In 2019, it’s all about FOCUS

CDMP’s digital practice will stay dogged in its approach to provide necessary and intuitive digital experiences that resonate with our brands’ audiences. Below you’ll find three digital trends to keep top of mind.

Image showing the three highlighted topics. 1: Toxic Toby, 2: Google Home, 3: Foreo

Leveraging digital to make the invisible, visible

Patient advocacy groups are becoming more savvy in their attempts to raise awareness. Now that it’s clear it’ll take a lot more than a hashtag to create a movement, organizations are partnering with tech companies to design stunts that help spread the word in memorable and contextually relevant ways. “Toxic Toby” for example is a stuffed animal that coughs and tweets alerts when the pollution levels in the UK become dangerously high. [


We know which channels to leverage to bring messages to the masses, but what does a visceral illustration of that message look like? One great example comes from the Melanoma Know More group. They partnered with PopSugar.com to “hack” all of the periods (.) in health and wellness related articles late last year. Users incidentally mouse-ing over periods at the end of sentences were surprised to find content about how to detect skin cancer. Melanoma Know More used overlooked punctuation to illustrate the dots we may be overlooking on our own bodies. That’s pretty powerful. 

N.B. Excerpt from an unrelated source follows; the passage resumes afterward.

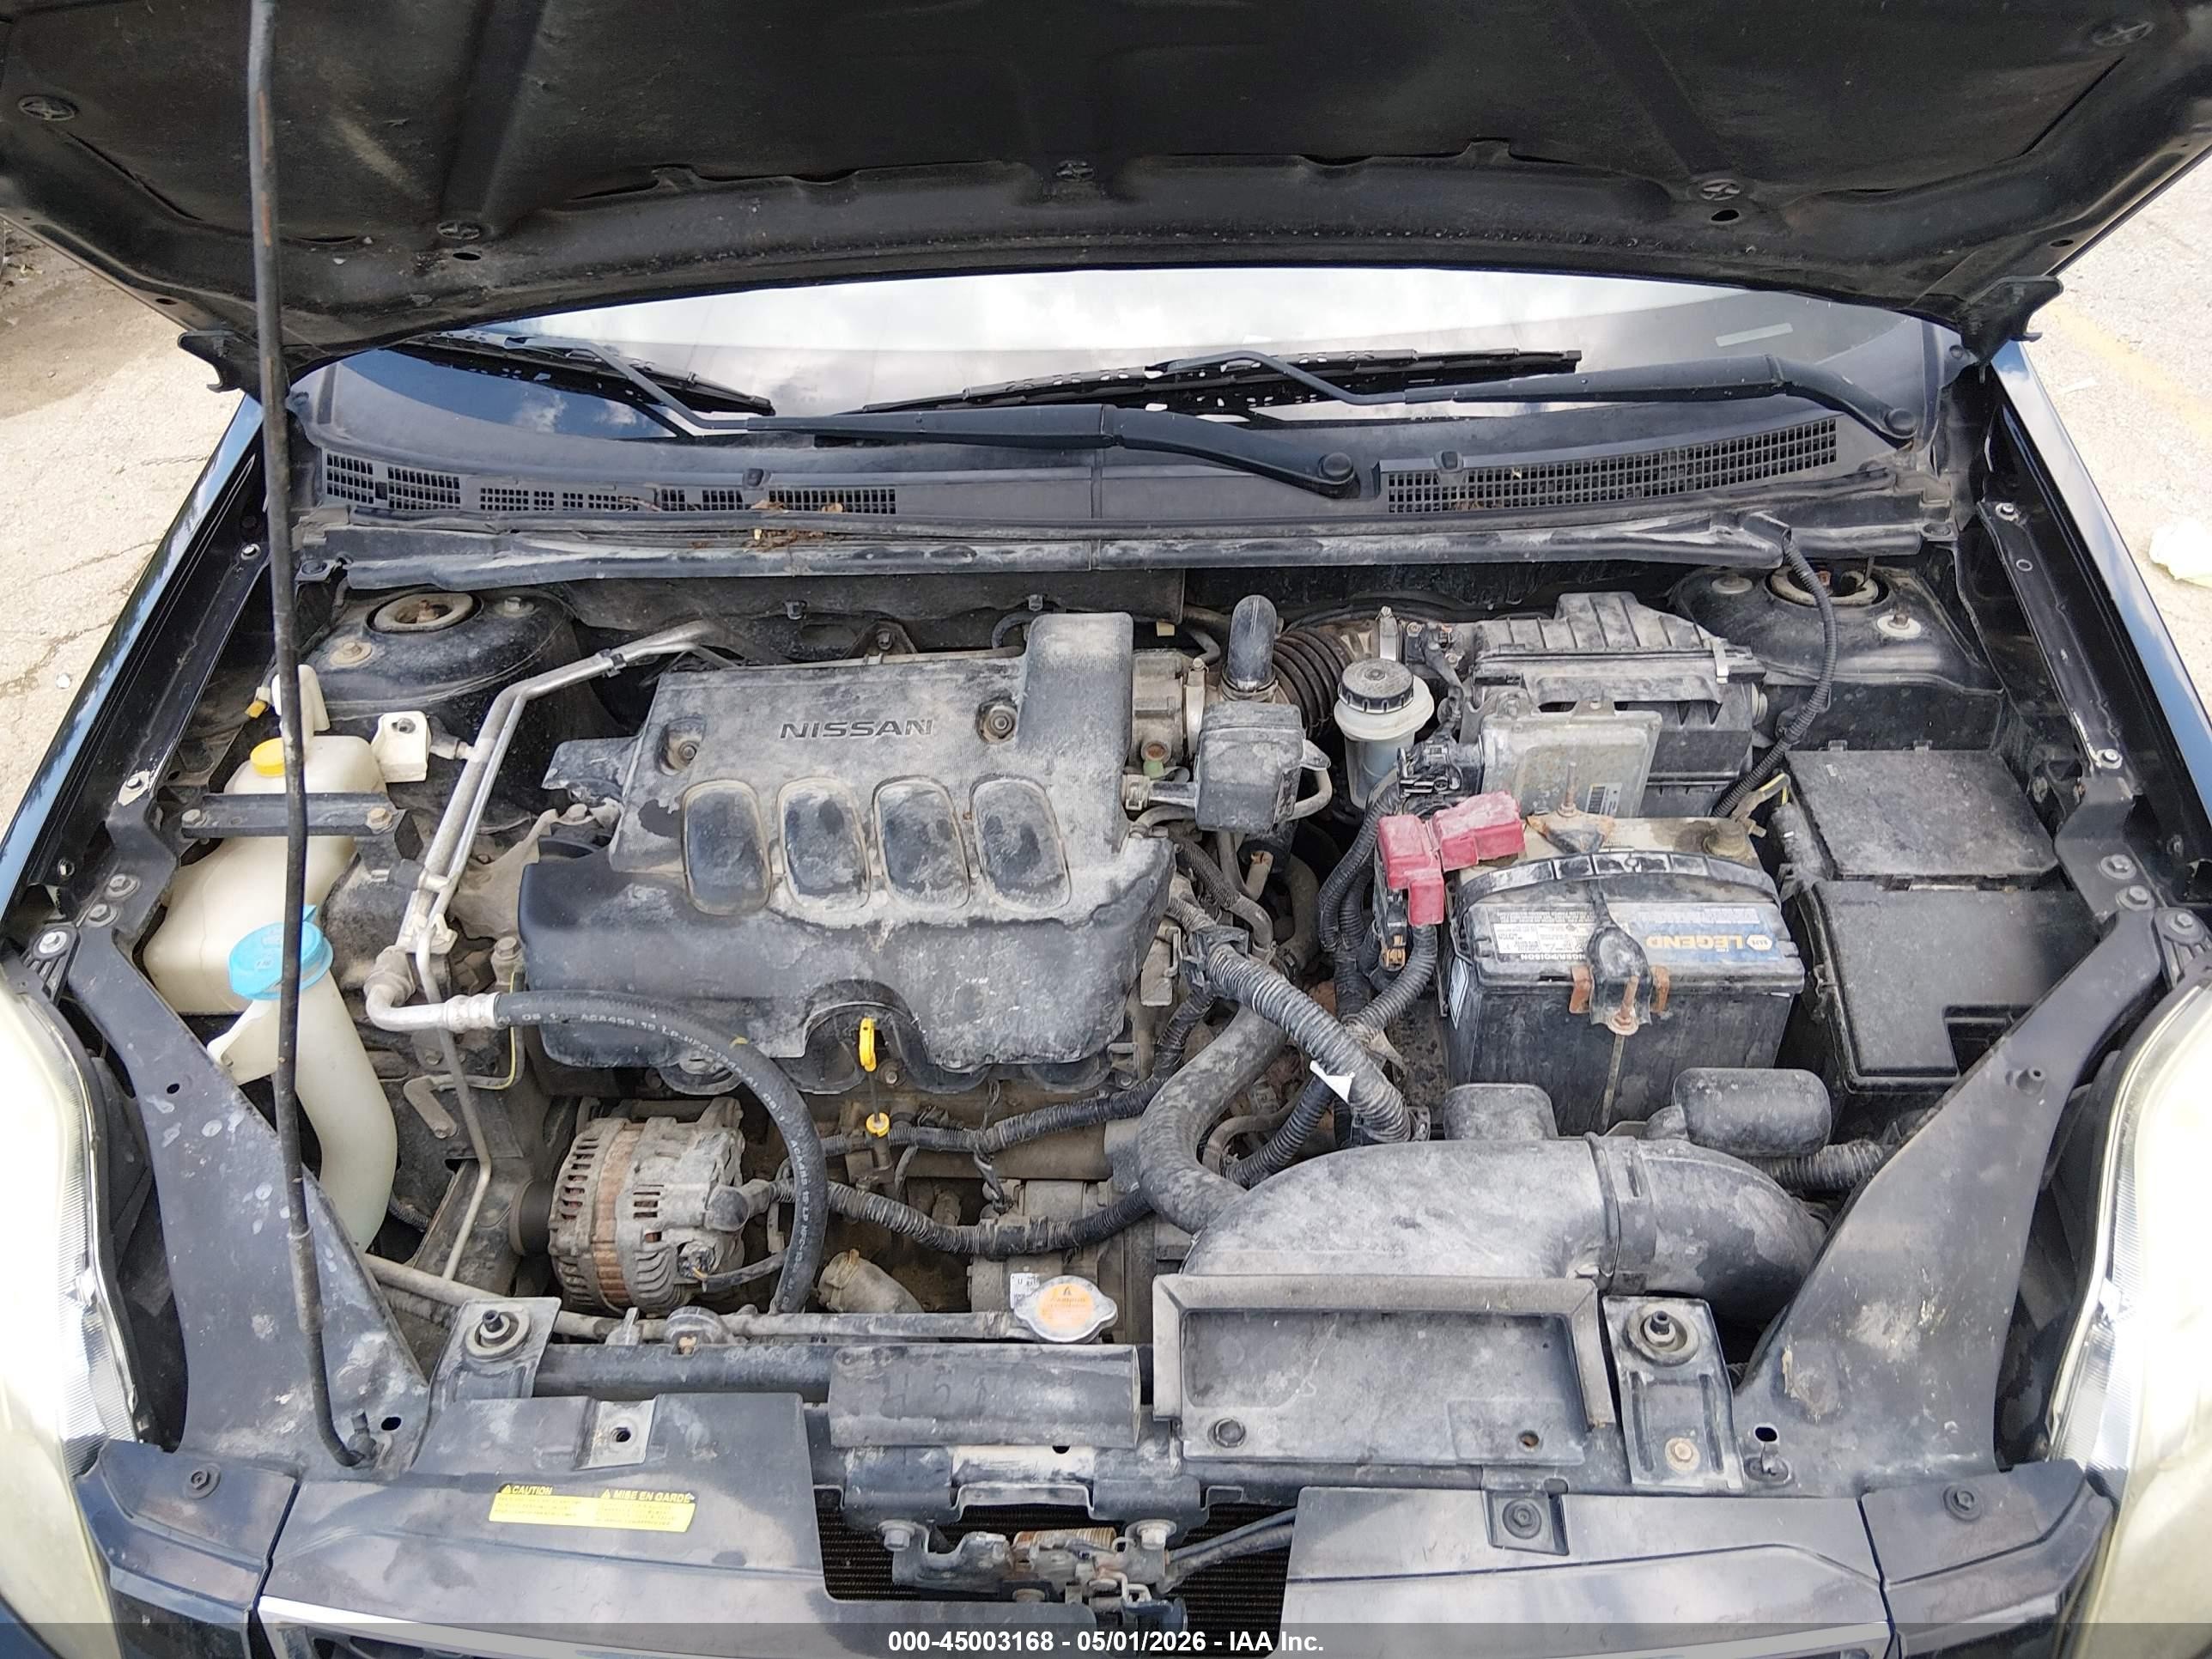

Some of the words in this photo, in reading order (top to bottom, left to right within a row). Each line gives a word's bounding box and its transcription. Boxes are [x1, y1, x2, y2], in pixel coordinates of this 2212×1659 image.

“Paging Dr. Google!” Voice adoption has more implications than just skill development

Gartner predicts that by 2020, 30% of our browsing sessions will be voice activated. Late last year, Amazon claimed that supporting a voice experience with visuals improves search accuracy and results in higher user engagements. [Source]


Amazon is leading the way in voice + visual search innovation with the announcement of its design language, Alexa Presentation Language (APL), for building Alexa skills for devices with screens like the Echo Show. But, creating skills is only one part of enhancing voice search. Given the fast adoption rate of voice search it is imperative that we optimize our brand’s sites for voice search rankings through our firm commitment to designing mobile-first, simplifying navigation and creating differentiated content. It is also important to keep in mind that voice is still very much a US tactic. Outside of the US, Alexa has only been made available in the UK and Germany.

Have it your way

In 2019, competitive retail brands are committed to creating customized experiences for the masses. Instead of employing tried and true competitive tactics like lowering prices, they are busy designing individual experiences. You may already see this happening with your favorite retail brands. Here are two examples of innovative advancements in personalization: In Japan, Nestlé is using DNA to create personalized diets and FOREO released the world’s smallest AI-powered facial cleansing device.


What does breaking the mold to provide a personalized experience look like? When a patient has provided us with their zip code at email opt-in, can we automatically point them to prescribing HCPs in their area and provide them with a region-specific discussion guide?